Final Agency Decision (FAD)

With respect to Complainant's allegations, the FAD noted the following facts:

Issue 1: Denial of Administrative Leave

Complainant alleged that he was denied one (1) hour of administrative leave which other inspectors were granted. Complainant states that it is the policy of the Agency to allow all inspectors one (1) hour of leave on "down days," when the facility is not operating.
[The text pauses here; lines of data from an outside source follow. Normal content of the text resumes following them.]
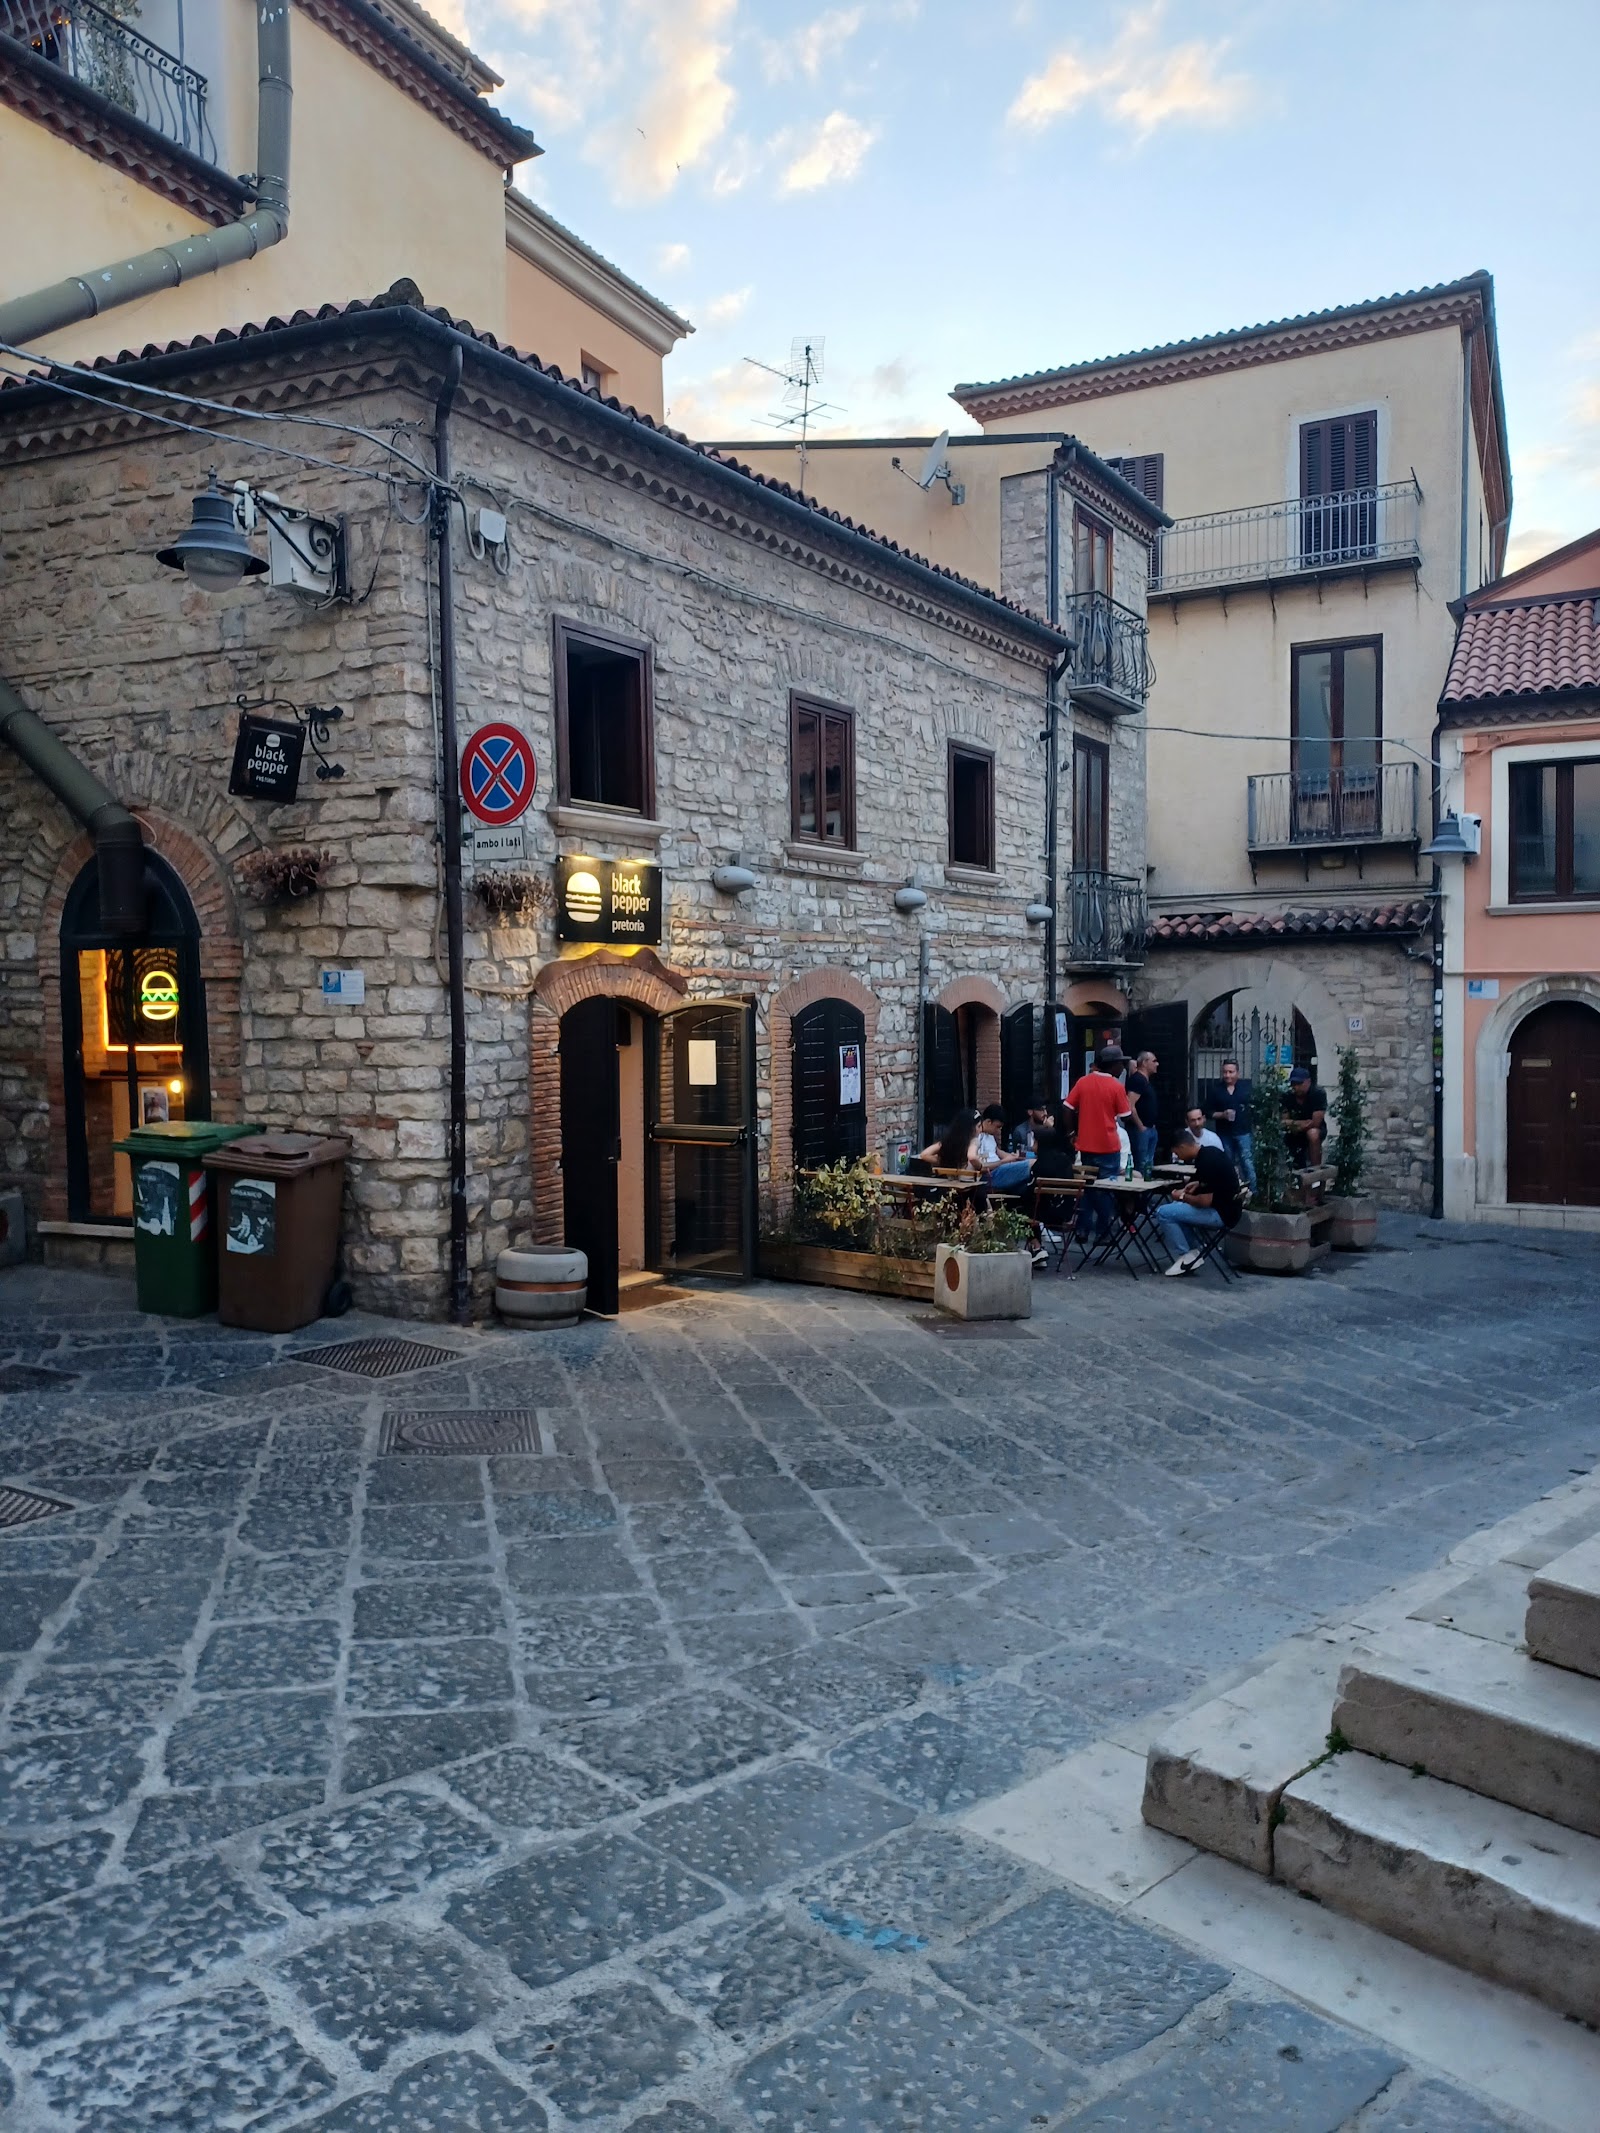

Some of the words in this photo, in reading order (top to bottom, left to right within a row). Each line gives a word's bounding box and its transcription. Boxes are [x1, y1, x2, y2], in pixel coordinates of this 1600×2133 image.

[255, 744, 286, 763] black
[247, 758, 289, 775] pepper
[476, 838, 499, 849] ambo
[505, 836, 521, 847] lati
[611, 872, 642, 895] black
[611, 894, 651, 916] pepper
[612, 919, 645, 934] pretoria
In response, the second-level supervisor (S2) explained that it was policy to require employees to request administrative leave prior to the time they would use it. Complainant's immediate supervisor (S1)(female) also noted that Complainant's administrative leave was denied because only one (1) hour was allowed per pay period and Complainant had used his hour the previous week.

Issue 2: Different handling of Workplace Violence Complaints

The record contains a copy of a Workplace Violence Complaint which a female employee (E1) filed against Complainant on March 15, 2007. In the complaint, E1 alleged that Complainant had threatened her, on February 20, 2007, by stating that "I should shoot you[r] ass." Report of Investigation (ROI), Ex. 14, at 4. E1 also claimed that on March 9, 2007, Complainant told her to "find a spot and get in it," making her feel threatened. ROI, Ex. 14, at 4.

As a result of the complaint being filed against him, Complainant was reassigned to a relief position and scheduled to work at various facilities for the remainder of his time with the Agency. E1, on the other hand, was placed in Complainant's vacant position. These reassignment actions were described by S1 as being "common in workplace violence, conflict of interest, or sexual harassment" situations. ROI, Affidavit of S2, at 2.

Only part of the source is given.